Python可視化利器 — pyecharts 結合爬蟲對數據進行分析生成各種可視化圖形

用 pyecharts 對爬蟲後的數據進行可視化處理(生成餅圖、柱狀圖、地理位置圖、3D旋轉動圖、詞雲圖)及地圖問題的解決

        首先,pyecharts 是一款融合了Pythonecharts技術的強大的數據可視化工具,它的可視化類型比較多也很豐富,具體的可以參考pyecharts 中文網站:https://pyecharts.org/#/zh-cn/intro

 pyecharts 的安裝方法

可以參考 Selenium 的兩種安裝方法選一種就可以,有圖和安裝步驟

綜合案例

1、爬取貓眼中的《一出好戲》的數據

__author__ = 'xiaoguo'

from urllib import request
import ssl, json
from datetime import datetime, timedelta
import time

# 獲取數據
def get_data(url):
    headers = {
        'User-Agent': 'Mozilla/5.0 (iPhone; CPU iPhone OS 11_0 like Mac OS X) AppleWebKit/604.1.38 (KHTML, like Gecko) Version/11.0 Mobile/15A372 Safari/604.1'
    }
    req = request.Request(url, headers=headers)
    response = request.urlopen(req, context=ssl._create_unverified_context())
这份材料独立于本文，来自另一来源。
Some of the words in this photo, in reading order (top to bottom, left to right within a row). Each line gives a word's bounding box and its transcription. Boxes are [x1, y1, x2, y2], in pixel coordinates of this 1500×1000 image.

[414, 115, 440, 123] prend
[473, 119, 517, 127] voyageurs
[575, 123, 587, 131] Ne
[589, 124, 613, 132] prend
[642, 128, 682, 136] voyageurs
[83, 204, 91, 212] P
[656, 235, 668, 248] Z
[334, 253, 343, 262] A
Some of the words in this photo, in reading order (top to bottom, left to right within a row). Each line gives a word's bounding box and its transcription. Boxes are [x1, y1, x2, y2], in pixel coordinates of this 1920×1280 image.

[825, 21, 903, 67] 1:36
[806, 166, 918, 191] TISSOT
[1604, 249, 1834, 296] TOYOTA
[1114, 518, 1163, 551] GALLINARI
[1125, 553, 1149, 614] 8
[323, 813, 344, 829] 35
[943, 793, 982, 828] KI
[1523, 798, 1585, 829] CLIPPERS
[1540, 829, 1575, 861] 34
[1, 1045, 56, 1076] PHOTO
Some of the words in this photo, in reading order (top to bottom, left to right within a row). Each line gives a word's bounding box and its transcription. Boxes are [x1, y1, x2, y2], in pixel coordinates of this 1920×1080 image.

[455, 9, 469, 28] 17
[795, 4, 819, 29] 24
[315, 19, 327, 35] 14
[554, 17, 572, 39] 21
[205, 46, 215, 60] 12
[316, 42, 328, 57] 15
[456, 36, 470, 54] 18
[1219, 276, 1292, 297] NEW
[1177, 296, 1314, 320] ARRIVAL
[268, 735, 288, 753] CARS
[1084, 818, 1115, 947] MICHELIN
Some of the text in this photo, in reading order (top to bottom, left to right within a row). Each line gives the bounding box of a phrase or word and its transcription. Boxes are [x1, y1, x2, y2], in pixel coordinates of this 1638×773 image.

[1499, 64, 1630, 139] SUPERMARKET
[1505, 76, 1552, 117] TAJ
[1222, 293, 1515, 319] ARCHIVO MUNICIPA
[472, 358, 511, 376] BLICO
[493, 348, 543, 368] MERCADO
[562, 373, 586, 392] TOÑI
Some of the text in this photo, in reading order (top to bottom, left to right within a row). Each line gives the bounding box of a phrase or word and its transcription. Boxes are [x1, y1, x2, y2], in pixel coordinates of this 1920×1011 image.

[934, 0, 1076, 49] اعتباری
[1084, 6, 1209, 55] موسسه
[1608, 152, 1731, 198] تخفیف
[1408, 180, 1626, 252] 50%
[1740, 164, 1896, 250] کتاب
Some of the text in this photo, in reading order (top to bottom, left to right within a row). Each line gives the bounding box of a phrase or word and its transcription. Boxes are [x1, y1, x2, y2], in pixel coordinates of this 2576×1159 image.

    if response.getcode() == 200:
        result = response.read()
    return result

# 處理數據
def parse_data(html):
    data = json.loads(html)['cmts']
    contents = []
    for item in data:
        content ={
            'id': item['id'],
            'nickName': item['nickName'],
            'cityName': item['cityName'] if 'cityName' in item else ' ',   # 處理cityName不存在的情況
            'content': item['content'].replace('\n', ' '),    # 處理評論內容中有 \n 的情況
            'score': item['score'],
            'startTime': item['startTime']
        }
        contents.append(content)
    return contents

# 存儲數據到文本文件中
def save_to_txt():
    # 當前時間
    start_time = datetime.now().strftime('%Y-%m-%d %H:%M:%S')
    # 結束時間
    end_time = '2018-08-08 00:00:00'

    while start_time > end_time:
        url = 'http://m.maoyan.com/mmdb/comments/movie/1203084.json?_v_=yes&offset=0&startTime=' + start_time.replace(' ', '%20')
        try:
            html = get_data(url)
        except:
            time.sleep(0.5)
            html = get_data(url)
        else:
            time.sleep(0.2)

        contents = parse_data(html)
        print(contents)

        start_time = contents[len(contents)-1]['startTime']      # 獲取每次加載後的最後一個評論時間
        # 將取出的字符串時間轉換爲時間格式
        start_time = datetime.strptime(start_time, '%Y-%m-%d %H:%M:%S')-timedelta(seconds=1)
        start_time = datetime.strftime(start_time, '%Y-%m-%d %H:%M:%S')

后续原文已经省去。